松井:監督の考え方もあるし、不満であれば監督からの要求も増えるでしょう。監督の期待に応えられるようにしていきたいと思っています。

C.L.:フランスのメディアは松井さんのことを書く時によく”ルマンのプティ・ジャポネ”と呼びますが、どうお思いですか。
松井:あまり言ってほしくはないけれど、それが変わっていくことを願っています。

C.L.:最近ますます日本の選手が外国でプレーするようになってきていますが、松井さんとしてはどのような日本のイメージをフランス人に与えたいと思っていますか。
松井:日本人はいいやつだ、スポーツ面でも適応しやすいというイメージを与えたいと思っています。

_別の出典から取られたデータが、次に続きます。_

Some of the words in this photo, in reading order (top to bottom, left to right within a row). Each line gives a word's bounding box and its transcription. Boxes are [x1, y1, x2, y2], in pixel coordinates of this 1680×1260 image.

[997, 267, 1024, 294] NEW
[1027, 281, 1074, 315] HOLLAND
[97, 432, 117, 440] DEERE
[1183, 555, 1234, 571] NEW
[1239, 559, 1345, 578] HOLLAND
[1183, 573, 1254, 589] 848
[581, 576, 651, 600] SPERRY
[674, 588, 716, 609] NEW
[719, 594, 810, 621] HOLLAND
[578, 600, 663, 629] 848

ルイ・ヴィトンなんかを買いに来る日本人もいるけれど、こうやってがんばってる日本人もいるというか、そういうやつばかりではない、と思ってもらいたいです。

C.L.:サッカー以外の面でフランスで起こっている若者のデモなどについて外国人として関心ありますか。
松井:一応どういう問題か分ってますが、ぼくはあまり気にしないですね。

C.L.:ヨーロッパにいる日本人選手との交流はありますか。
松井:むしろ友人としてつきあっている選手はいます。

C.L.:松井さんがサッカーを始めたころは、日本ではJリーグが生まれた時期で、そのころ欧米の監督や選手が来日し、自国のサッカーを伝えていた時期だと思いますが、彼らの影響を受けましたか。
松井:受けましたね。いろんな国のやり方があるな、という発見でした。日本の誰もがそれを感じたし、一流を見るということで良かったのではないですか。

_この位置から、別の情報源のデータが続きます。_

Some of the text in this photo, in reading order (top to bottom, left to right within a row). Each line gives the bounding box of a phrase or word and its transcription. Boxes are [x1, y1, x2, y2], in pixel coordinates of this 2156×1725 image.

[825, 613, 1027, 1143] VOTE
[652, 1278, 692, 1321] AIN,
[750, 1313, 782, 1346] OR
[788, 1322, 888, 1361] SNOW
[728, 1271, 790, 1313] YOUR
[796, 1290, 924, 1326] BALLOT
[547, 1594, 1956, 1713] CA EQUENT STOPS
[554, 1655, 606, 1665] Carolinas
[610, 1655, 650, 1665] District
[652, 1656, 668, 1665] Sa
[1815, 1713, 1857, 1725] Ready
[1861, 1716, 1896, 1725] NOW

C.L.:そのころのクラブや選手の中で好きだったのは?
松井:川崎ヴェルディで、選手としては三浦知良のファンでした。

C.L.:現在のJリーグを見ると、以前より外国人選手や、特に監督が減っていますが、松井さんはこの動きになにか意味があると思いますか。
松井:やはり選手も監督もそれだけレベルが上がってきていることではないですか。

C.L.:三浦や小野伸二のように海外でプレーしていた選手が日本にもどるというケースも出てきていますが、彼らは海外で体験したことをどのようにJリーグに伝えていると思いますか。
松井:後輩たちに自分が体験したことを体で示したり話したりするのは重要なことで、日本人選手がヨーロッパに行くことはたいへん意味があり、ぼくも日本に帰った時に教えてあげたいと思っています。

C.L.:現在の松井さんの目標はなんですか。
松井:まず日本代表23人の中に入りワールドカップで戦えるようになるということです。

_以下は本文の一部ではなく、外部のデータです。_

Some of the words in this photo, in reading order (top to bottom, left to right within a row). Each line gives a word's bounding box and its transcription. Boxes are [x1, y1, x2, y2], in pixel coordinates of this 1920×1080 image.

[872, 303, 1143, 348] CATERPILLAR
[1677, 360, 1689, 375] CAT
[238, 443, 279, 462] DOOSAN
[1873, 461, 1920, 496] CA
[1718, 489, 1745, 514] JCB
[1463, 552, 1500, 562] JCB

C.L.:W杯予選で日本が属するFグループの対戦国にはブラジルなどが入っていますが、予選突破できると思いますか。
松井:今まで日本チームが言ってきたようにいい試合ができたとかではなく、進歩を、結果を問題にし、勝ちにこだわるチームになってもらいたいと期待しています。前回のW杯より今回の方が海外経験のある選手が多いので、それを実現できる可能性はあると思います。

C.L.:23人の中に入れる確率は?
松井:ジーコに聞かないと分らないです。

(聞き手:クロード・ルブラン)
*インタビューの仏語訳では一部省略してあります。